In 1970, I gave up a baby girl for adoption. Keeping her was never a choice because of where and what I was going back to. I grew up in a village of 400 very Catholic people in northern Michigan. My parents were very involved in the machinations of the everyday life of the village, and my bringing a child home as an unwed mother would not have been looked on very favorably by the straight-laced, narrow-minded neighbors, storekeepers, and relatives of this area.
In the early 70s the mindset for birth mothers was that we would forget what we had been through, that we would move on with our lives, and never look back. Somebody forgot to tell our conscious that, along with our hearts. I mourned the loss of my daughter as someone who had lost a loved one to death. I so regretted what I had done, but there was no going back.
Years later, when the guilt, curiosity, and need to know became so overwhelming, I decided to start searching for my daughter. I joined support groups, sent letters to the adoption agency, and joined search groups hoping that information would be forthcoming. I finally ended up hiring a private search agent who luckily was able to find my daughter and provide me with some very eye-opening information.
I decided to write her to see if she was interested in a meeting. My efforts were met with much resistance from both her and her mother, so I wrote one more letter telling her I respected her wishes and that I would drop out of her life.
Several years later we had a second case of cancer show up in the female side of our immediate family, along with multiple gynecological problems that I had gone through. My mother suggested I once again write my daughter and let her know that the cancer history existed in our family and that she might need that information for her own medical history.
Surprisingly, I heard from her. My husband and I were on vacation in Jamaica, and the phone rang in our room around midnight. I answered it and that call started what would be the first step in a slow dance of two people who were forming a new relationship.
We decided to finally meet for the first time several months later, and the initial meeting took place in an airport in Texas. We both hugged and cried and hugged some more. It was like a dream come true. Something I would never have thought I would ever experience. But by the second day I realized that my daughter was pulling away. And by my last day there I knew that it wasn’t going the way I thought it should have. I went home and called her to let her know I had made it safe and sound, as she had asked. There was no answer, and no return call from my voice message. Nothing for years.
After months of much needed counseling, I finally realized that I had to break the grip that this rejection had taken over me, and at my counselor’s request, I wrote her a letter letting her know of my hurt, my confusion, and my lack of understanding of what had gone wrong. In the same letter I also told her that this would be the last communication I would attempt, because I could not put myself through that agony again. And I moved on with my life.
Last year in August, I lost my mother to pancreatic cancer. I felt like my life had ended. She was my best friend, my confidant, someone I could laugh with until tears came down both of our faces. Her illness took over her body and mind so quickly that I never had the chance to just sit and talk with her. With my sister by my side, we held her hands as she passed from this life, telling her all along that she was going to a much better place and that it was okay to let go.
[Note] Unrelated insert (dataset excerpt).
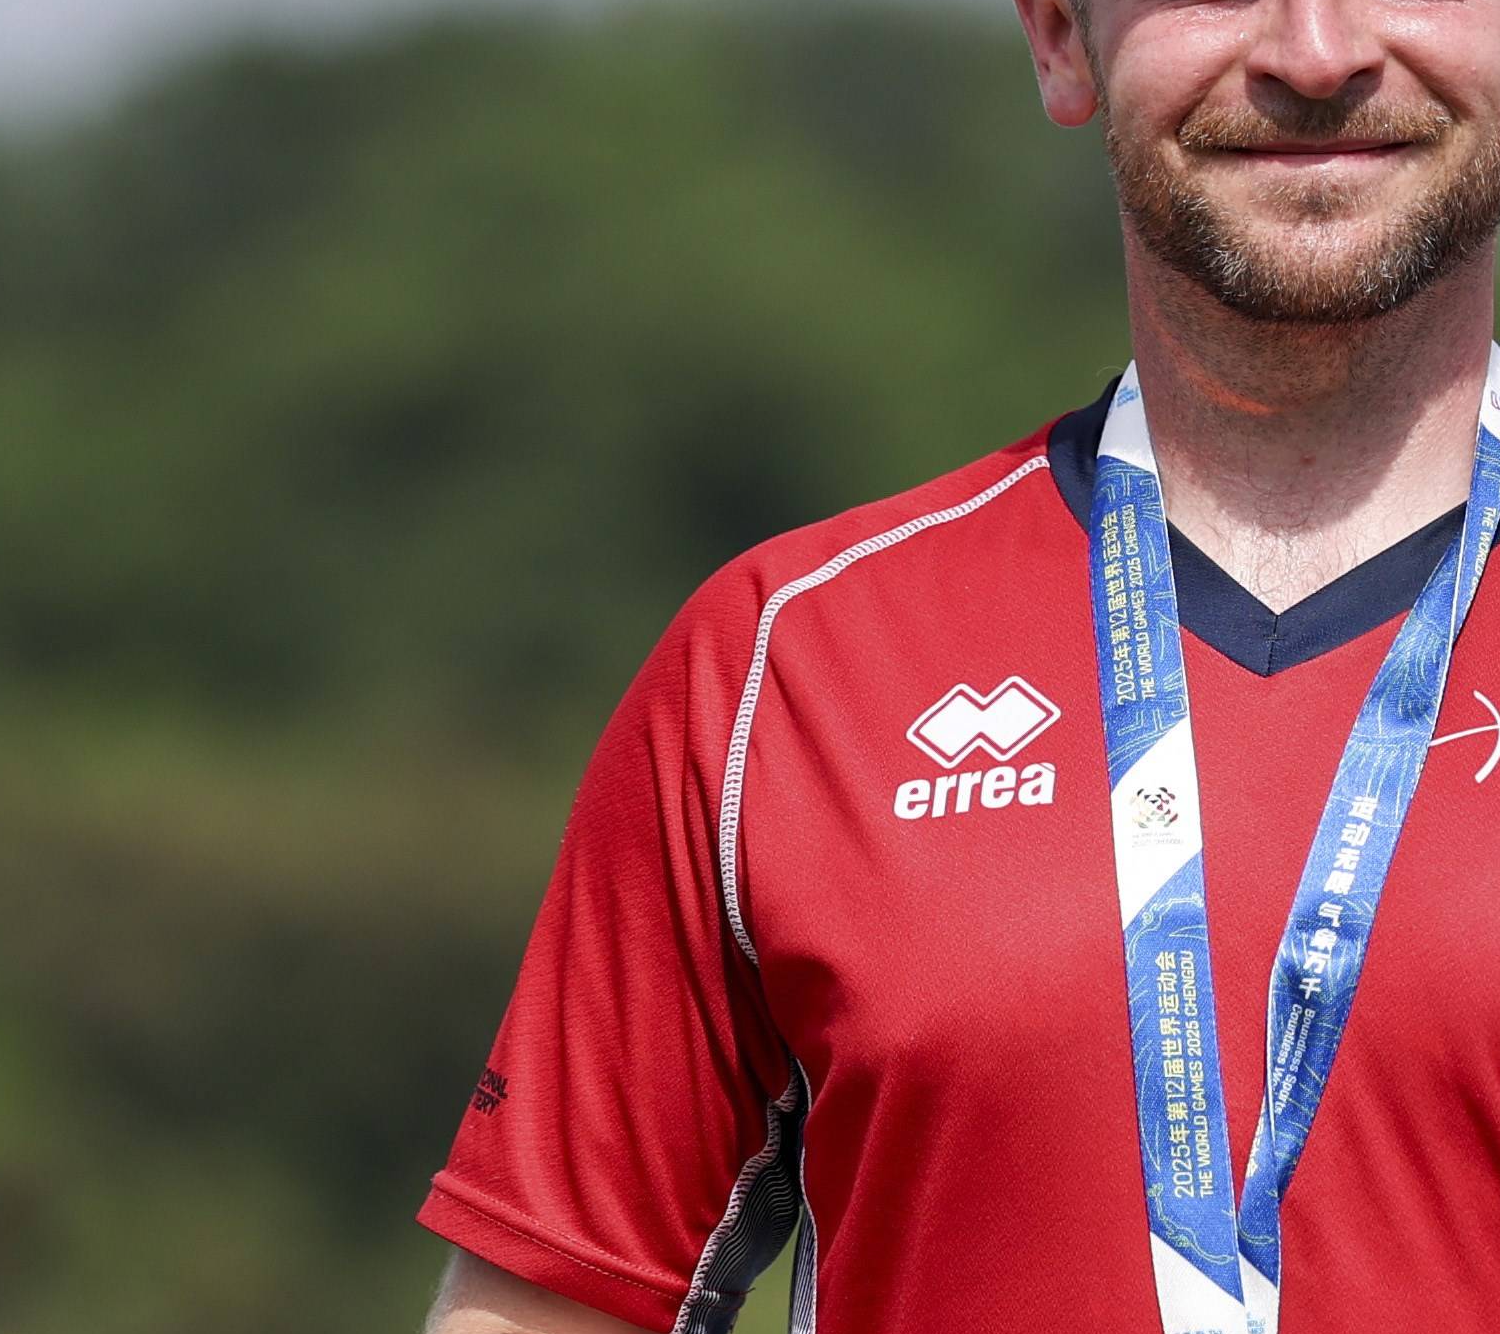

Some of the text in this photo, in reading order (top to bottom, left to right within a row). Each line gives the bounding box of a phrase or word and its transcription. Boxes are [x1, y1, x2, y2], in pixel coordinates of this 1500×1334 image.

Two months after my mom’s death left such a huge hole in my heart, my kids talked me into joining Facebook. I did, not thinking I would use it that much. I was going through some postings one day and I noticed a post asking if I had given up a daughter. I lost it. It was my daughter and she was asking to reconnect. Not having my mom to turn to, I immediately called my sister and cried as I told her what was going on. I told my daughter that I would only go into this relationship if she allowed it to go slowly. I let her know from the start that I was very leery of even doing this again, and that it would take time for me to trust again. She said she understood.
Six months into our new relationship my daughter came to visit her birth family. She met her grandfather for the first time, and it was love at first sight for both of them. We continue to communicate and our relationship is growing stronger as the months go on.
There are some ironies to this story. My name is Kathy; her name is Kathy. My husband’s name is Bob; her husband’s name is Bob. My husband worked as a warehouse manager; her husband does also. We have the same sense of humor and have discovered that we would do whatever it takes to protect our families.
She has had a good life, which is more than I could have ever asked for. Her adoptive mother has never accepted the fact that we have been in contact, and unfortunately doesn’t know about our current relationship. My one wish in all of this would be to thank this wonderful woman and her husband for caring for, raising, loving, and sharing their lives with my daughter when I wasn’t capable of doing so. Hopefully someday I’ll be able to do that. In the meantime, I am taking it one day at a time, enjoying the love, laughter, and correspondence I share with “My Kathy,” and pray that our lives meld into a relationship that is built on love, trust, hope, and compassion. She will always be my baby girl, and she has always held my heart in her hands.